A lengthy New York Times report yesterday detailed just how much more Americans pay for medical services than people in other countries. Often a lot more: almost twice what the Swiss pay for a colonoscopy, three and a half times more than the Dutch for an MRI and five times more than Spaniards for a hip replacement, according to the International Federation of Health Plans.

The high per-unit price of medical services in this country is an open secret, well documented in the health-policy world but largely ignored in the political debate. Rather than rail against high prices, Americans should rail against this: The fixes for those higher prices are clear enough, yet they get almost no consideration from policymakers.

The rash of recent proposals to slow health-care spending have focused on reducing the use of health-care services or shifting those costs to beneficiaries, rather than bringing down per-unit costs. Take the Bowles-Simpson report from December 2010: The largest proposed Medicare savings came from asking the elderly to pay more for their care. Other reports take a similar approach.

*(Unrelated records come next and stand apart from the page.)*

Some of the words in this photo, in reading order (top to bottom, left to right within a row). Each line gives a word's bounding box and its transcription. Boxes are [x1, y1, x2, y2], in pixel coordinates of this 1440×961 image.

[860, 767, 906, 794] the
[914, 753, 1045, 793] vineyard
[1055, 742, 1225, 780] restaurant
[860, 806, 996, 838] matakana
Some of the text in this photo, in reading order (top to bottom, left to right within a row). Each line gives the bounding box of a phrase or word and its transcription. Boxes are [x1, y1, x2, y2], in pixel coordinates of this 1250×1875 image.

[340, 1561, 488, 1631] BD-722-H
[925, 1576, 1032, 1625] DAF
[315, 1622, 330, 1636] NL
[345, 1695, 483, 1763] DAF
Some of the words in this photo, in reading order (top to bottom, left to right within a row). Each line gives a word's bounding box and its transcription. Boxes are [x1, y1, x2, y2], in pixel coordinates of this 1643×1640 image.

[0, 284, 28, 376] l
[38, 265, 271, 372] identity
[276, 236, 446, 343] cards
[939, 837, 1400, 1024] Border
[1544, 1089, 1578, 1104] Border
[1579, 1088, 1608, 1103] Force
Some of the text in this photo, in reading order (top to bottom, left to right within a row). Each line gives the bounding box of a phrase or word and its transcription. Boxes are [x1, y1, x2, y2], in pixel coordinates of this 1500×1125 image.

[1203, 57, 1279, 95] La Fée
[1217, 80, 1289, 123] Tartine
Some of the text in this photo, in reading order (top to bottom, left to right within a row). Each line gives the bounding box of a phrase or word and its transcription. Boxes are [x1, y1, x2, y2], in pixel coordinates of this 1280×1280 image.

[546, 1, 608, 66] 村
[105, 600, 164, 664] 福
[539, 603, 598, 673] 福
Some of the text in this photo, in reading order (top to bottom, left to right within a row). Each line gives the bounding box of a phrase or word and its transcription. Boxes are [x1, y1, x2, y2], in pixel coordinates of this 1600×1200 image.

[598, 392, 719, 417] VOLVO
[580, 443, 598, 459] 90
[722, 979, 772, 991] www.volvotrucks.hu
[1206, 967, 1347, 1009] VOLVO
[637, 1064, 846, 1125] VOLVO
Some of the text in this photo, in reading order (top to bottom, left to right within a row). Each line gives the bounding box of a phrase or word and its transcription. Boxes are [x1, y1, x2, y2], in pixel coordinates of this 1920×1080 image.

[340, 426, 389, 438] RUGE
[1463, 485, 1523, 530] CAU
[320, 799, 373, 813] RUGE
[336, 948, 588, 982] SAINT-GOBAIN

And while health-care spending figured prominently in last year's presidential campaign, it took the form of a debate over the proper extent of the government's role. Mitt Romney attacked President Barack Obama for extending health coverage to almost 30 million Americans, on the logic that Washington should spend less on health care by paying for less health care.

How could policymakers do a better job of bringing down per-unit costs? This country is about as likely to adopt a single-payer health care system as it is to adopt the blind mole rat as its national symbol, but that doesn't change the fact that such systems push down costs by negotiating better rates with providers.

Does single payer lead to worse health outcomes? Just the opposite: The U.S. spent almost twice as much as the next highest spender in this 2010 study from the Commonwealth Fund, yet ranked seventh out of seven countries on an index that included quality, access and life expectancy.

If single payer is a nonstarter, what about other, less radical options? One approach is for the government to use its purchasing power through Medicare and Medicaid, which together will account for one in three dollars spent on health care this year, as leverage to negotiate lower prices from insurers, doctors, hospitals and nursing homes. Private insurers would benefit, since Medicare rates often form the basis of their own negotiated rates.

If that sounds familiar, it should: Democrats tried just that with Obamacare, which cut Medicare spending by more than $700 billion over 10 years. Republicans cried murder, and Romney tried to use the cuts against Obama last year. It remains to be seen whether the administration and Congress will maintain those cuts.

A more direct route would be for the government to regulate prices for medical procedures, but leave private insurers responsible for paying those prices. That approach, which Maryland uses for hospitals, could free providers and insurers to compete for customers based on service, rather than devoting their time and energy to negotiations over prices, or to network expansions designed in part to gain leverage for those negotiations.

Of course, arguing about how the government can control per-unit health costs presumes the government has the appetite to pursue such policies in the first place. A good rule of thumb in health care is that everybody's in favor of cutting costs, until somebody makes an actual proposal to cut costs. Until then, we may as well get used to paying more than everyone else.